Se ognuno su questa terra persa in un universo infinito (una terra abitata, come si dice, da una natura perfetta che a me appare invece estremamente crudele) potesse provare per un solo giorno la disperazione che avvolge un depresso, e ne sapesse fare tesoro, forse
vivremmo in un mondo migliore, sempre senza alcun senso e senza alcun fine, ma almeno consapevole di quanto deboli siamo o potremmo essere.

Riporto alcune parole tratte dal protagonista della serie tv "true detective":
--IO MI CONSIDERO UNA PERSONA REALISTA, MA IN TERMINI FILOSOFICI SONO QUELLO CHE DEFINIRESTI
UN PESSIMISTA, NON SONO UNO SPASSO ALLE FESTE, CREDO CHE LA COSCIENZA UMANA SIA UN TRAGICO PASSO FALSO DELL'EVOLUZIONE, SIAMO TROPO CONSAPEVOLI DI NOI STESSI.

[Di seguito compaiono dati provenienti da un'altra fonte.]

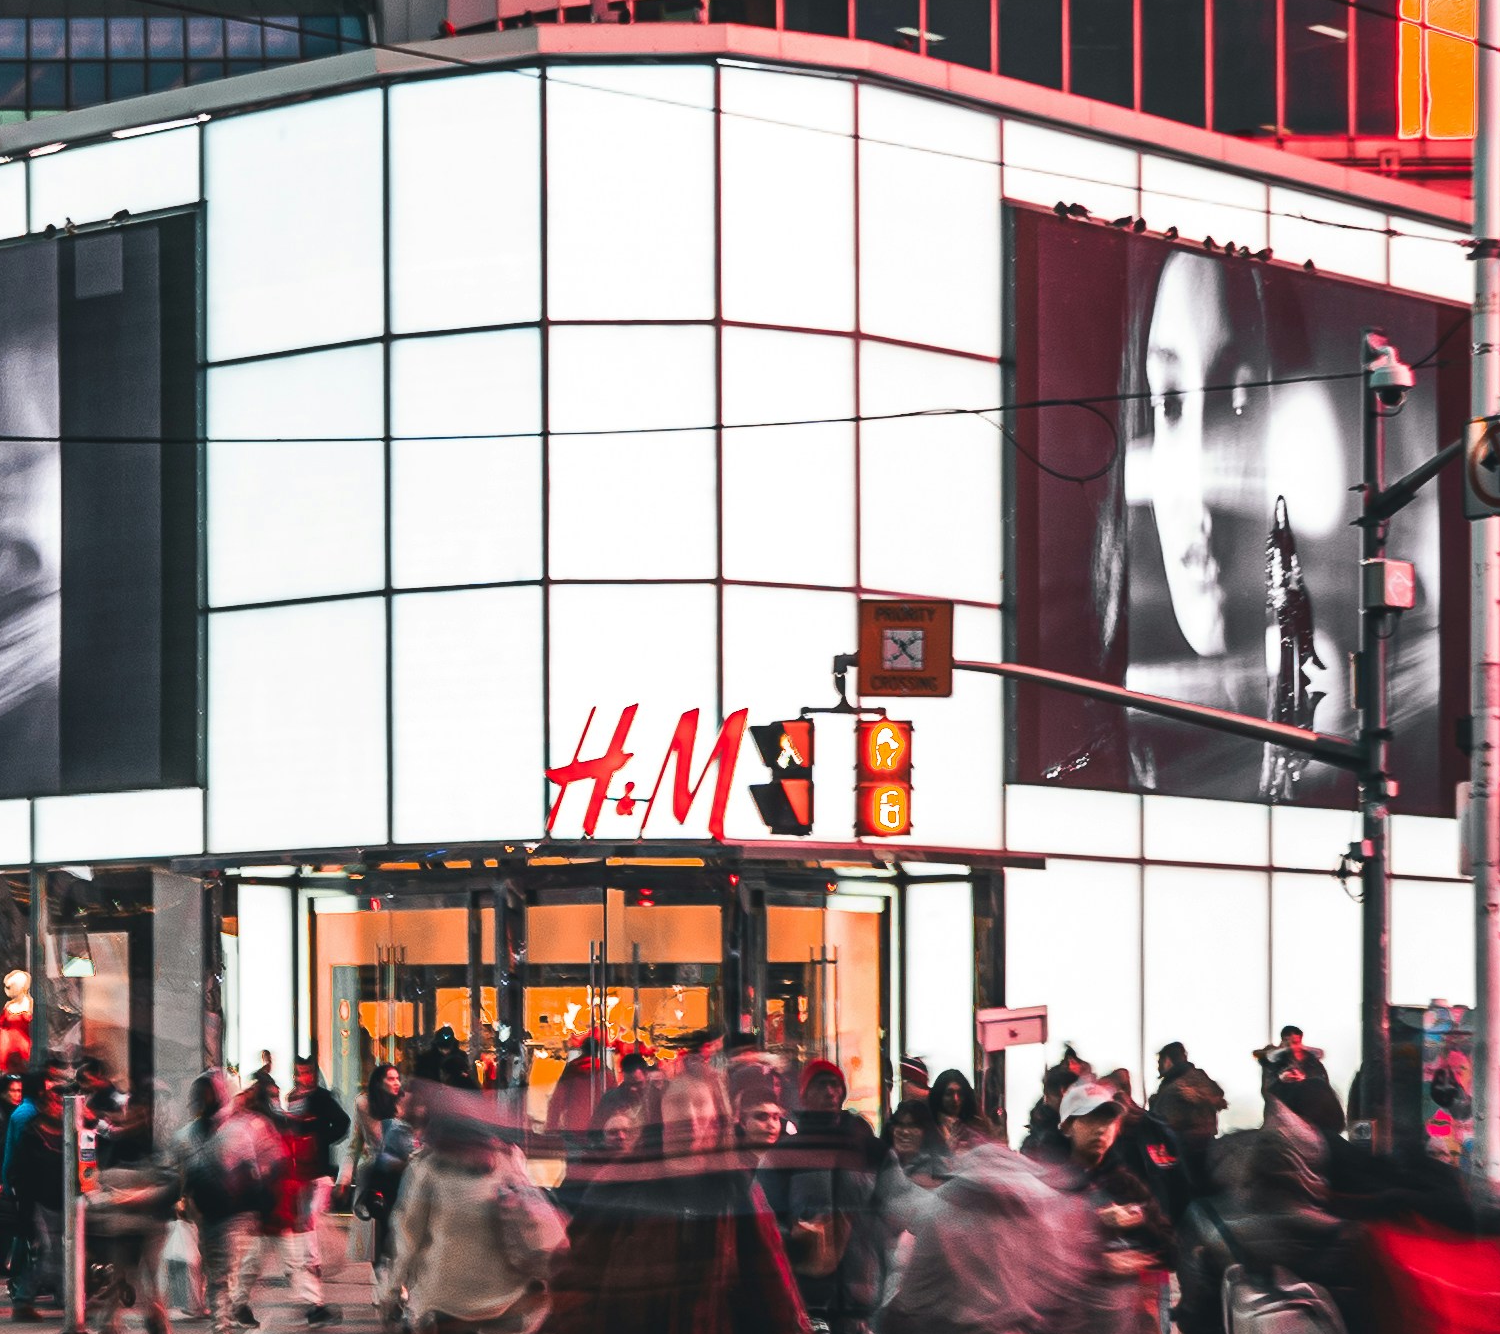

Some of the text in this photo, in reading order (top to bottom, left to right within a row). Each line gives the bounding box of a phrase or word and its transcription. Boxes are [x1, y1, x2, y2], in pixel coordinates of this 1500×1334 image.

[874, 606, 936, 623] PRIORITY
[870, 674, 939, 691] CROSSING
[545, 702, 749, 841] H&M

--LA NATURA HA CREATO UN ASPETTO DELLA NATURA SEPARATA DA SE STESSA. SIAMO CREATURE CHE NON DOVREBBERO ESISTERE, PER LE LEGGI DELLA NATURA. SIAMO DELLE COSE CHE SI AFFANNAO NELL'ILLUSIONE DI AVERE UNA COSCIENZA, QUESTO INCREMENTO DELLA REATTIVITA' E DELLE ESPERIENZE SENSORIALI E' PROGRAMMATO PER DARCI L'ASSICURAZIONE CHE OGNUNO DI NOI E' IMPORTANTE, QUANDO INVECE SIAMO TUTTI INSIGNIFICANTI,

--IO CREDO CHE LA COSA PIU' ONOREVOLE PER LA NOSTRA SPECIE SIA RIFIUTARE LA PROGRAMMAZIONE, SMETTERLA DI RIPRODURCI, PROCEDERE MANO NELLA MANO VERSO L'ESTINZIONE.

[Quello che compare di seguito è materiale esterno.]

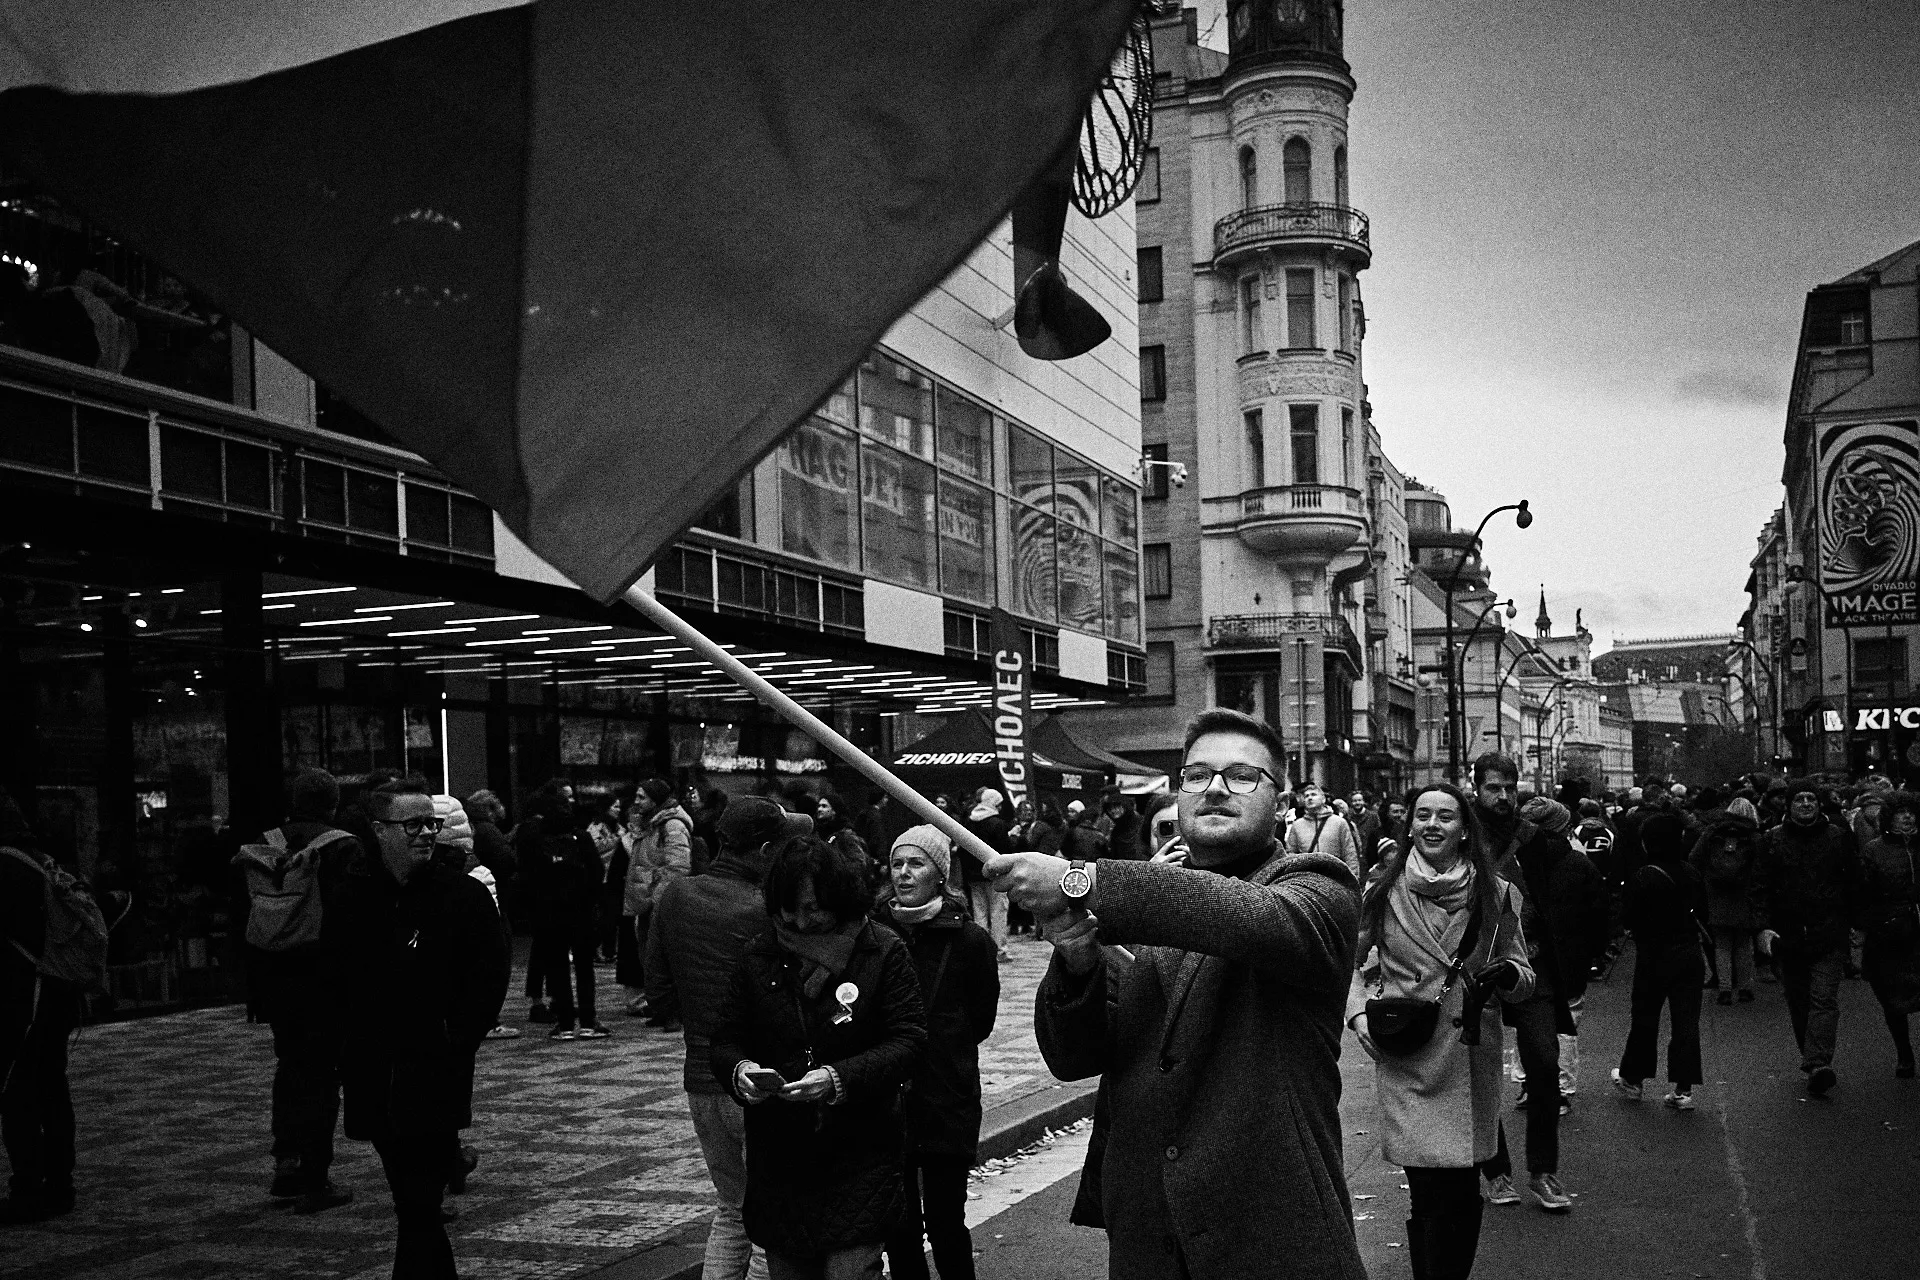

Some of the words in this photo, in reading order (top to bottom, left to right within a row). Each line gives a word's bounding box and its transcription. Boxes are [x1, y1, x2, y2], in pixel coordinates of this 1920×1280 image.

--UN'ULTIMA MEZZANOTTE IN CUI FRATELLI E SORELLE RINUNCIANO AD UN TRATTAMENTO INIQUO.

--IO DICO A ME STESSO CHE SONO UN TESTIMONE, MA LA RISPOSTA GIUSTA E' CHE SONO STATO PROGRAMMATO COSI', E MI MANCA LA DISPOSIZIONE AL SUICIDIO.

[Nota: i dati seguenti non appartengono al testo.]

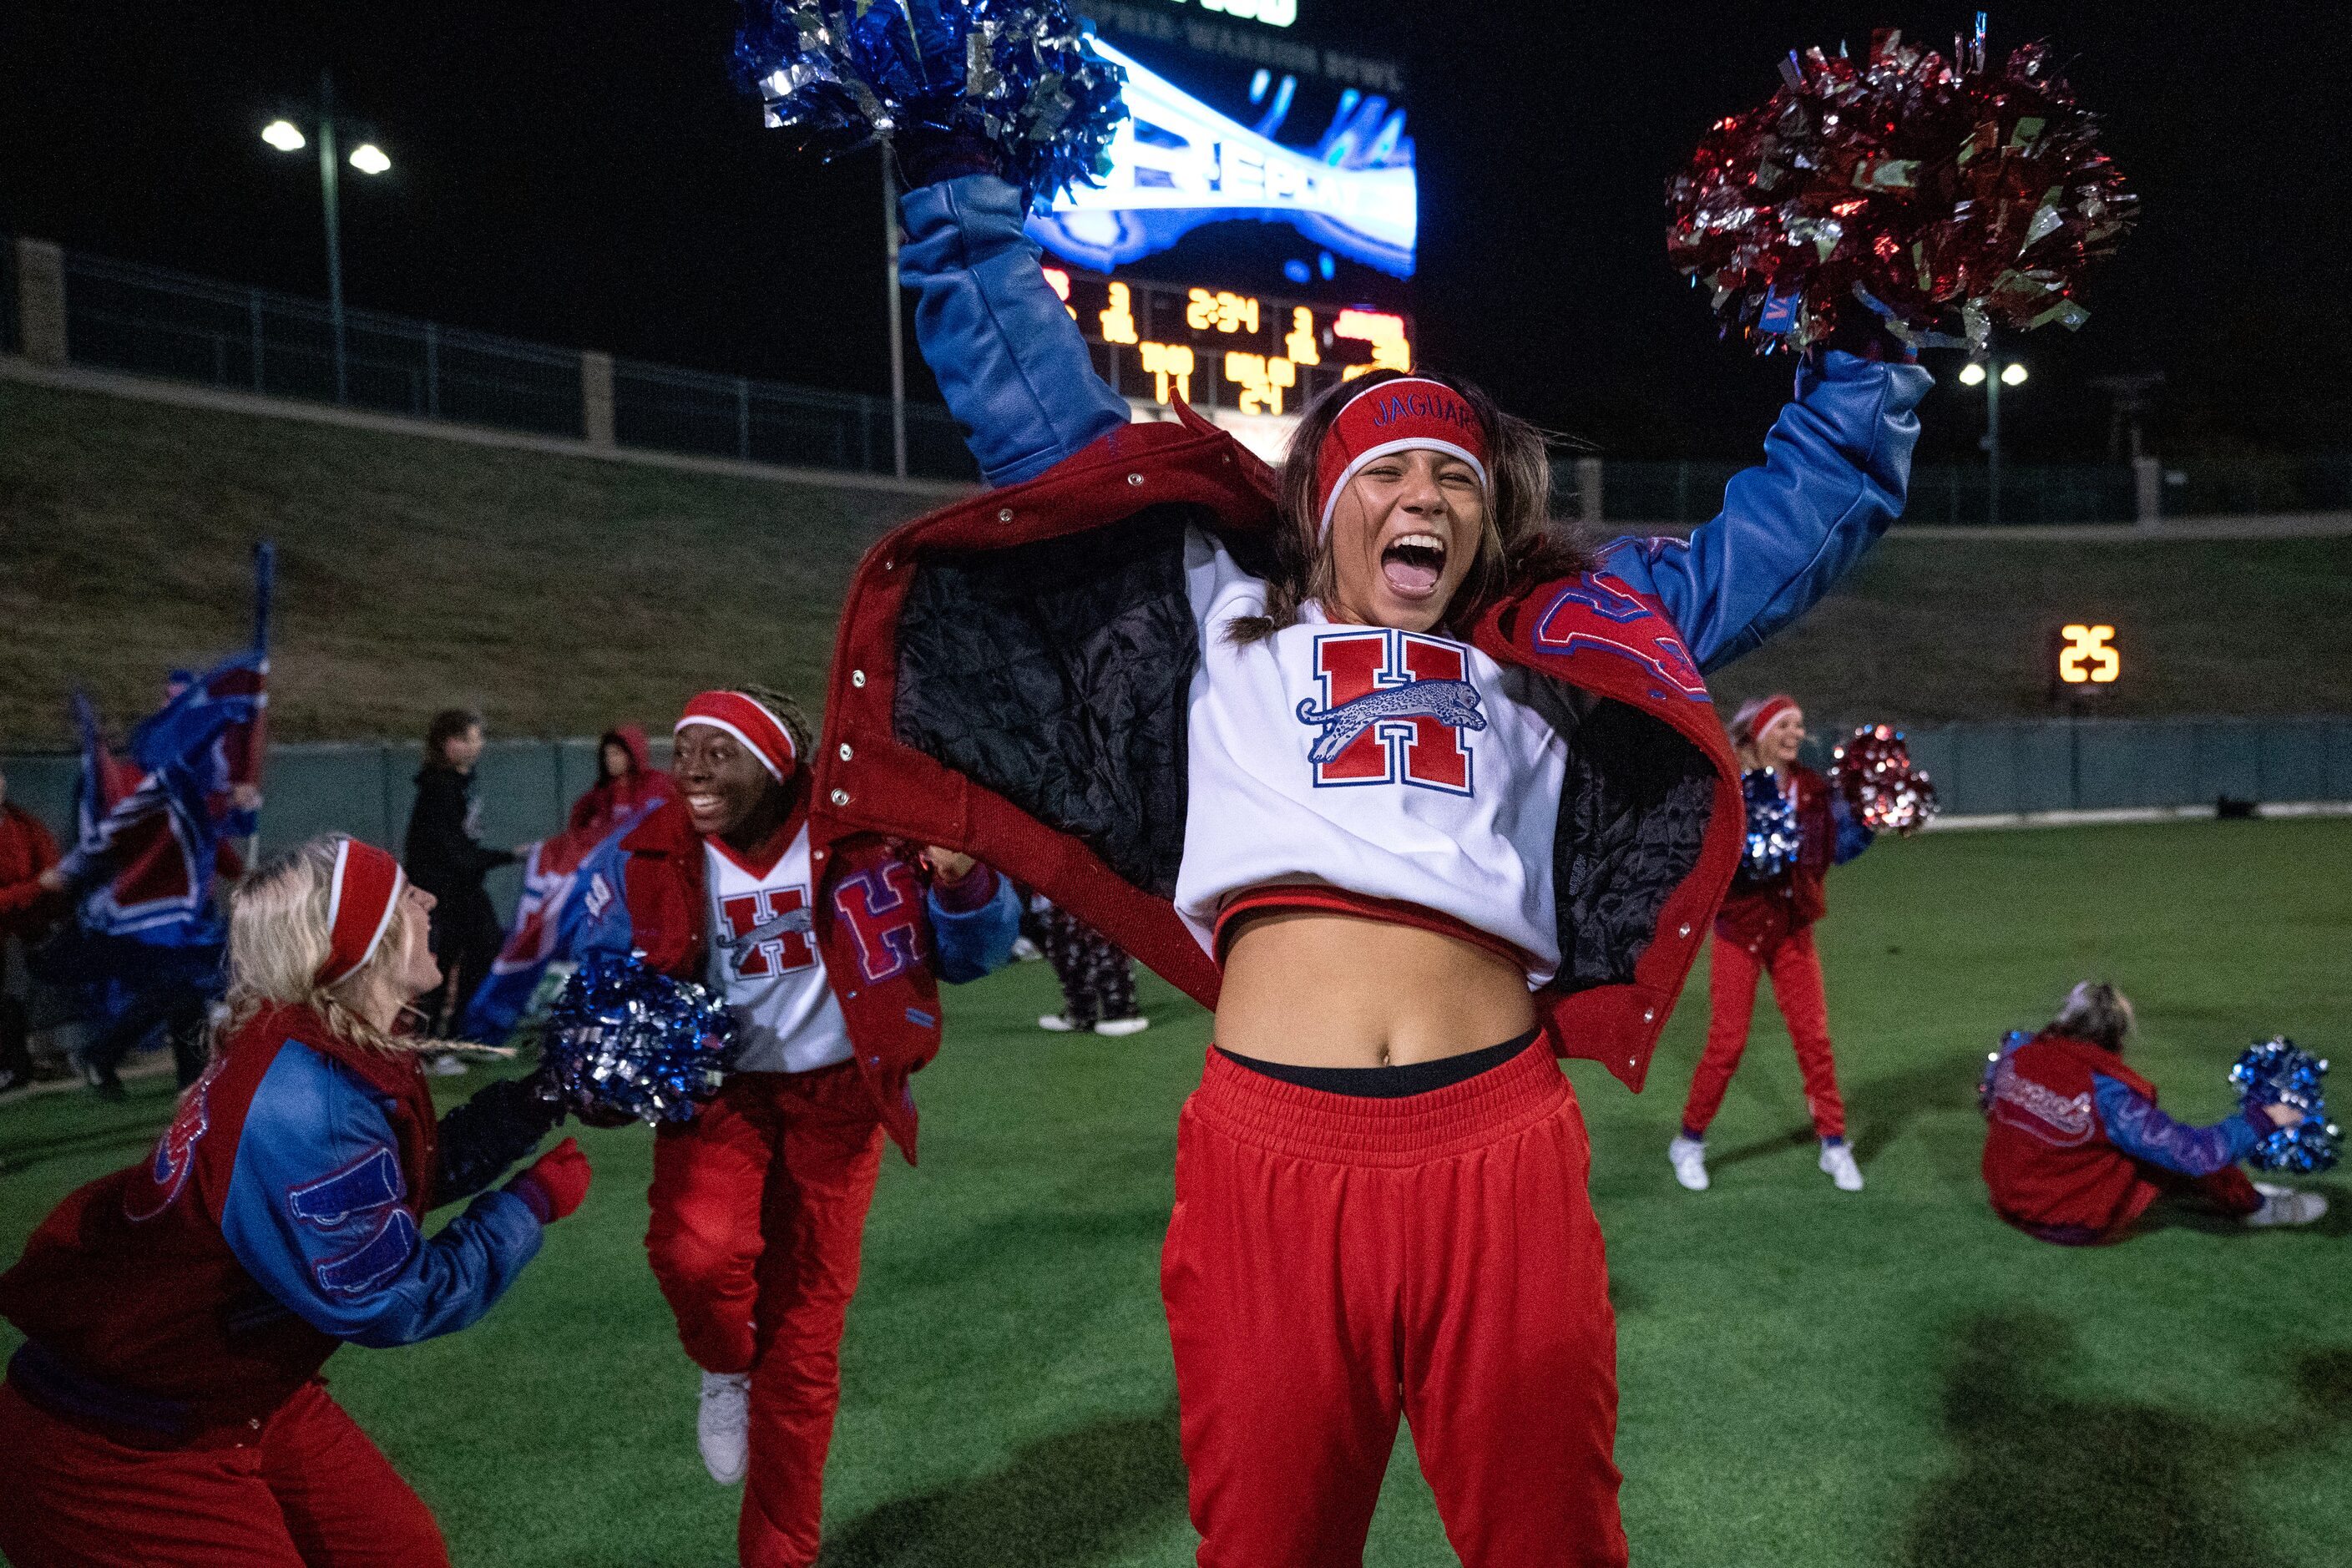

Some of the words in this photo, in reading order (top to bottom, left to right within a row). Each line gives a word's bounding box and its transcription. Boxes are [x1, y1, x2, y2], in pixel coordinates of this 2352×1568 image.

[1186, 287, 1259, 333] 2:34
[2060, 625, 2120, 683] 25
[1313, 629, 1474, 798] H
[718, 883, 820, 981] H

Personalmente arrivato a 58 anni lottando quotidianamente con forti disagi fin dai 17 anni e con una depressione costante, quotidiana, da circa 20, ho quasi finito la benzina. Mi sforzo di continuare in questa solitudine solo perche', non so con quali energie, accudire padre e madre nella loro vecchiaia.
Mi auguro che qualcuno di voi riesca a farcela. Giorgio

Io ha detto...

Credi.i..io vorrei disintegrarmi.e non posso farlo.